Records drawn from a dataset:
----------
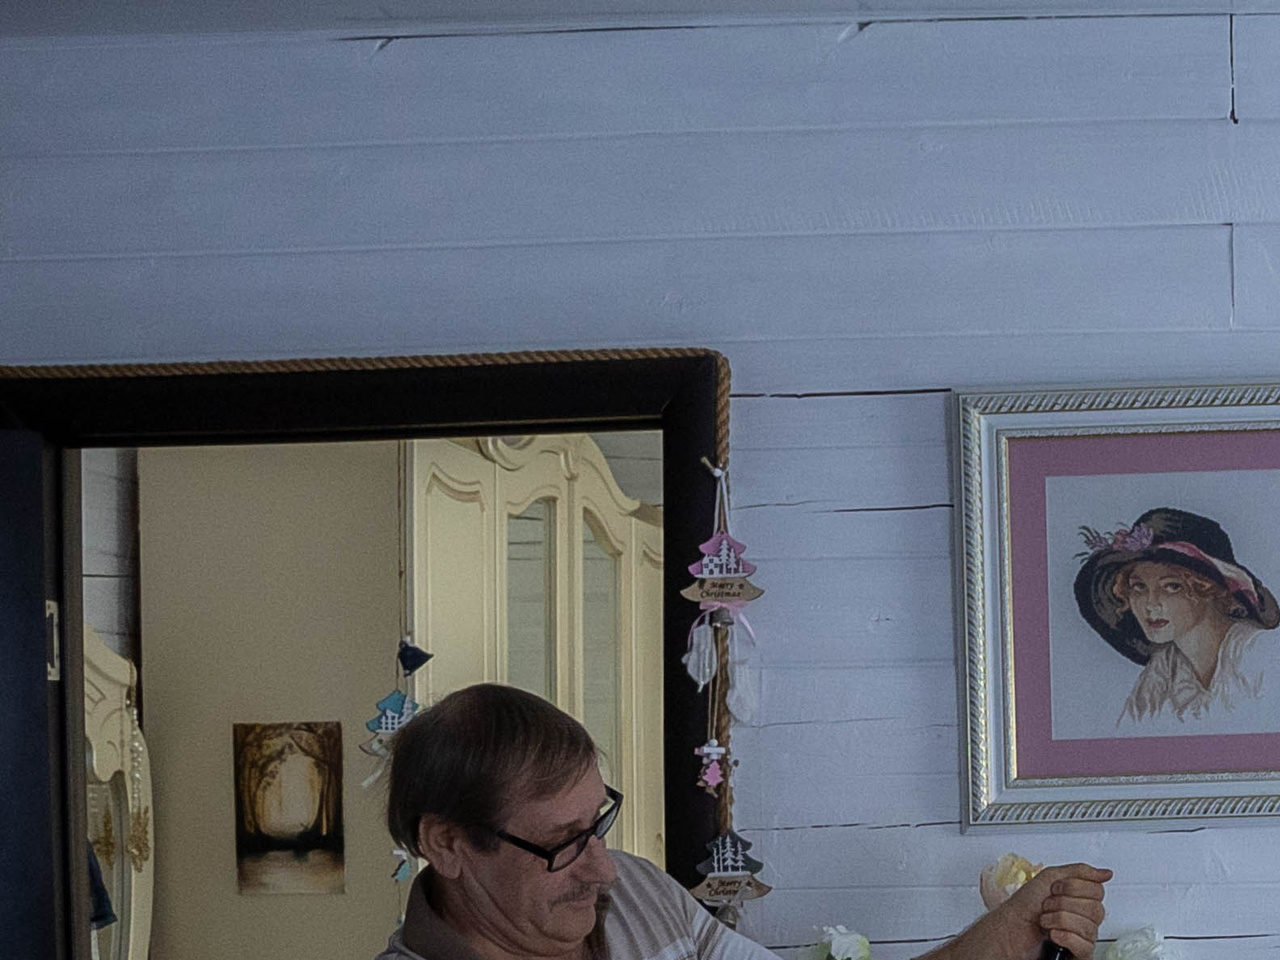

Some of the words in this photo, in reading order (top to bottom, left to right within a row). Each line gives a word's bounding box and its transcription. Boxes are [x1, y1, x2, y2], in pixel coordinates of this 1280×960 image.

[710, 581, 735, 590] Merry
[700, 590, 742, 599] Christmas
[718, 880, 742, 889] Merry
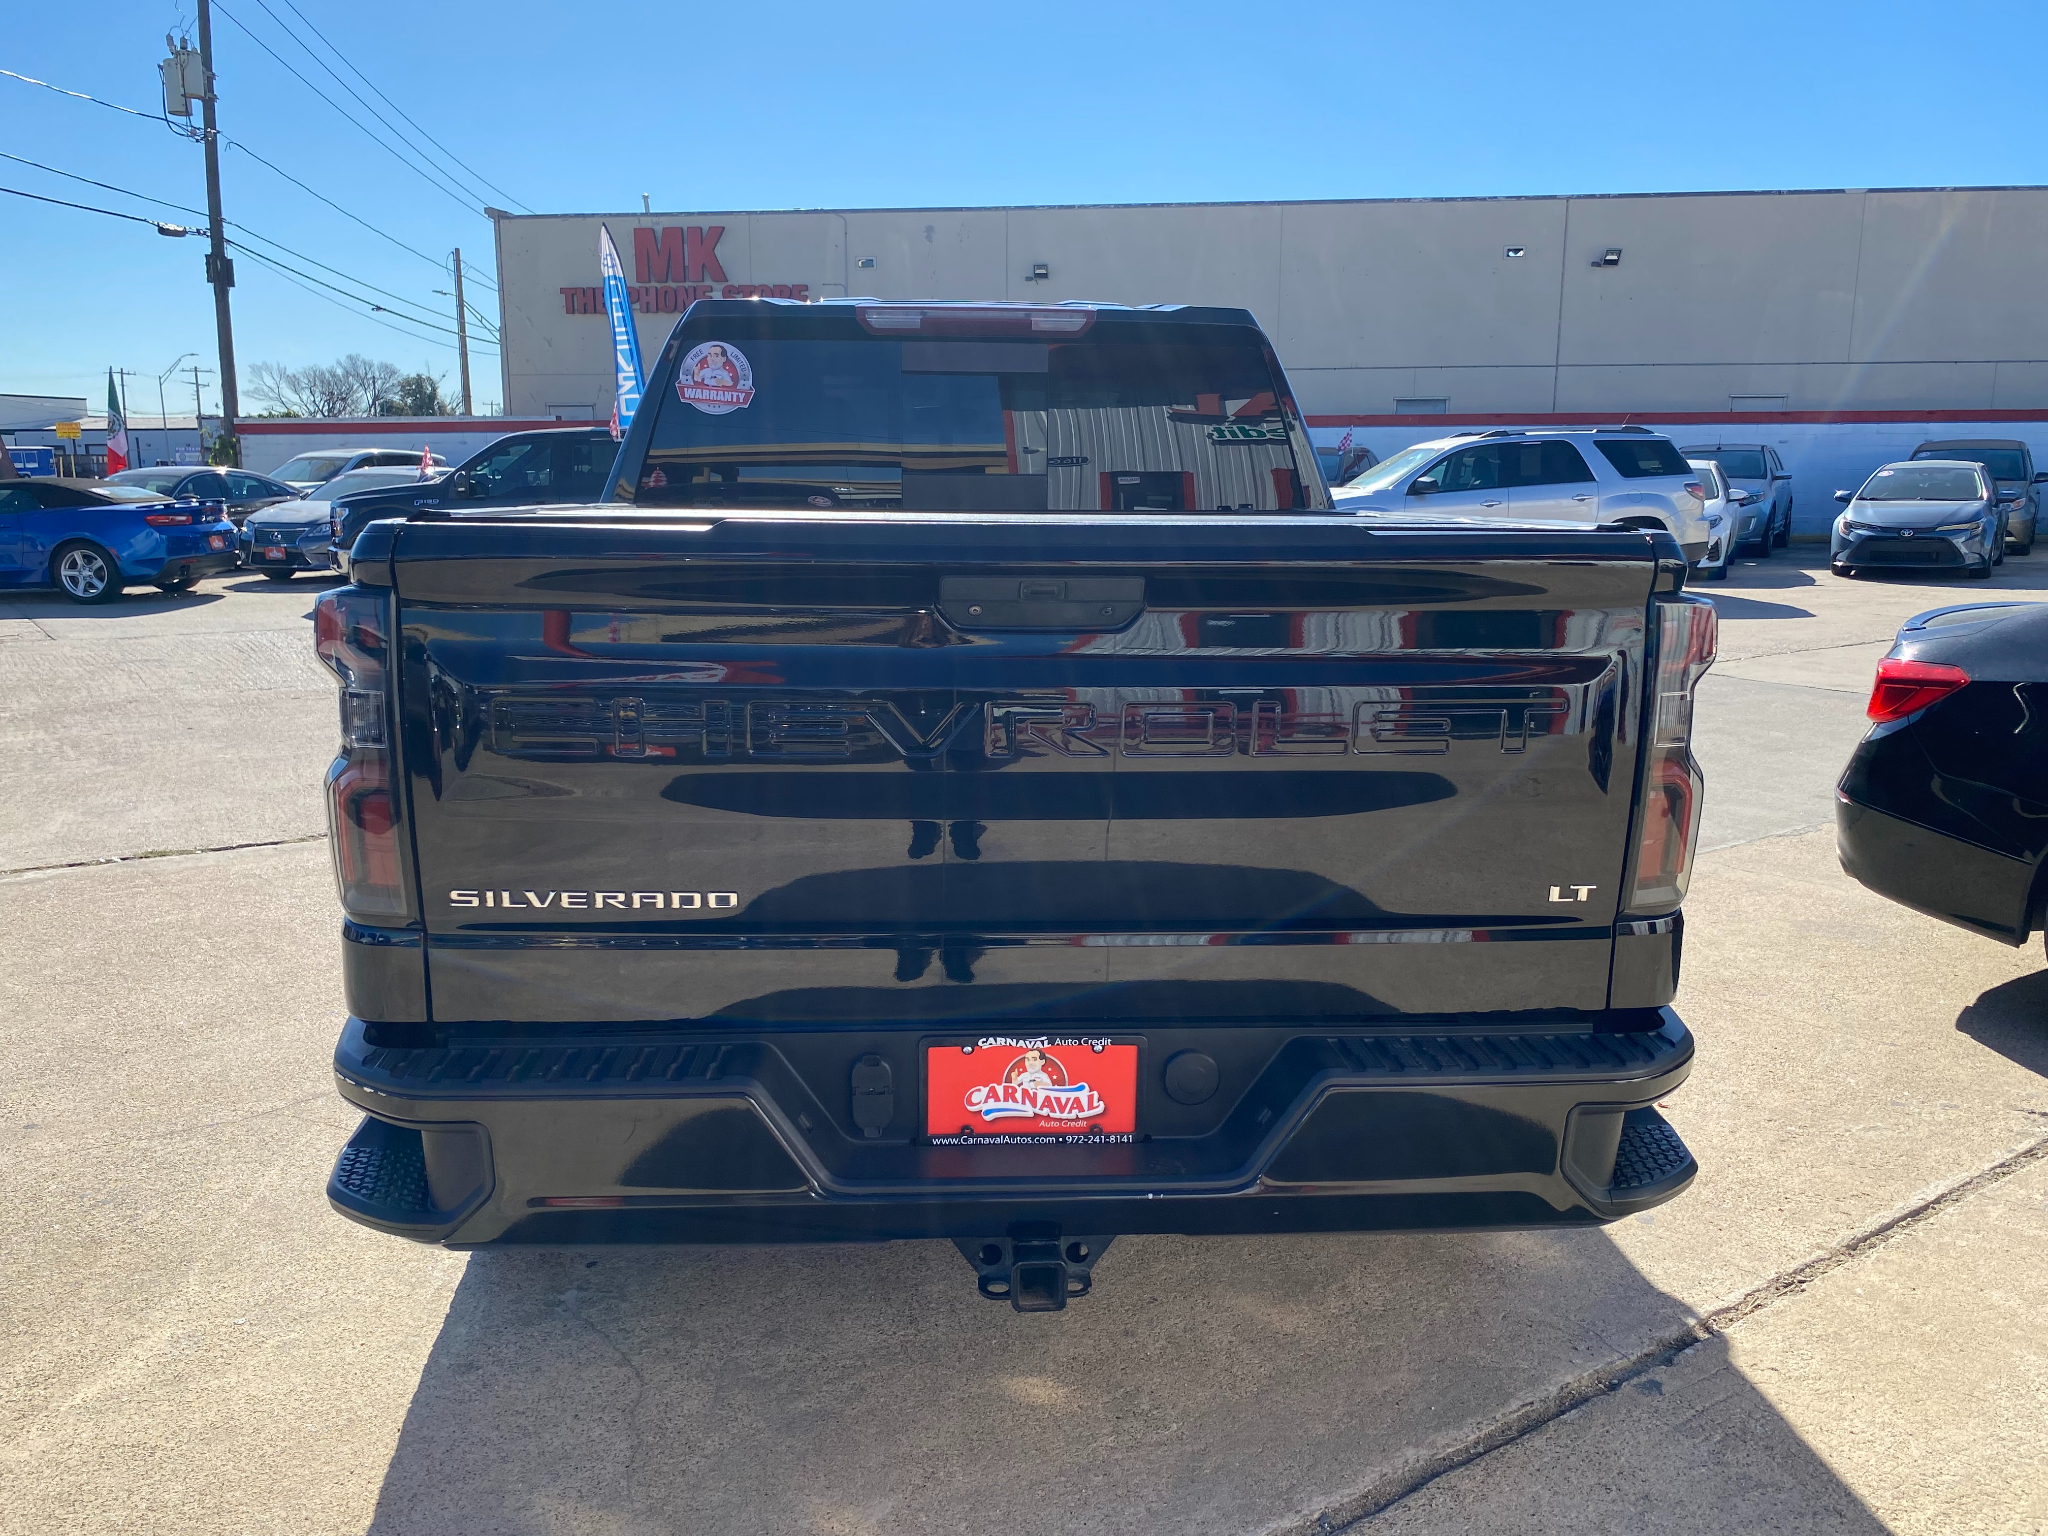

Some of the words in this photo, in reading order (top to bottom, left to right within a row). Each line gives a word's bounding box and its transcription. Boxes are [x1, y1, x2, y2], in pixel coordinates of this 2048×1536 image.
----------
§ Work order: Each entry above should be returned exactly as written, minus its pictures.

§ Output:
Some of the words in this photo, in reading order (top to bottom, left to right within a row). Each line gives a word's bounding box and its transcription. Boxes are [x1, y1, x2, y2], in pixel coordinates of this 1280×960 image.

[710, 581, 735, 590] Merry
[700, 590, 742, 599] Christmas
[718, 880, 742, 889] Merry

Some of the words in this photo, in reading order (top to bottom, left to right within a row). Each line gives a word's bounding box and its transcription. Boxes are [x1, y1, x2, y2], in pixel coordinates of this 2048×1536 image.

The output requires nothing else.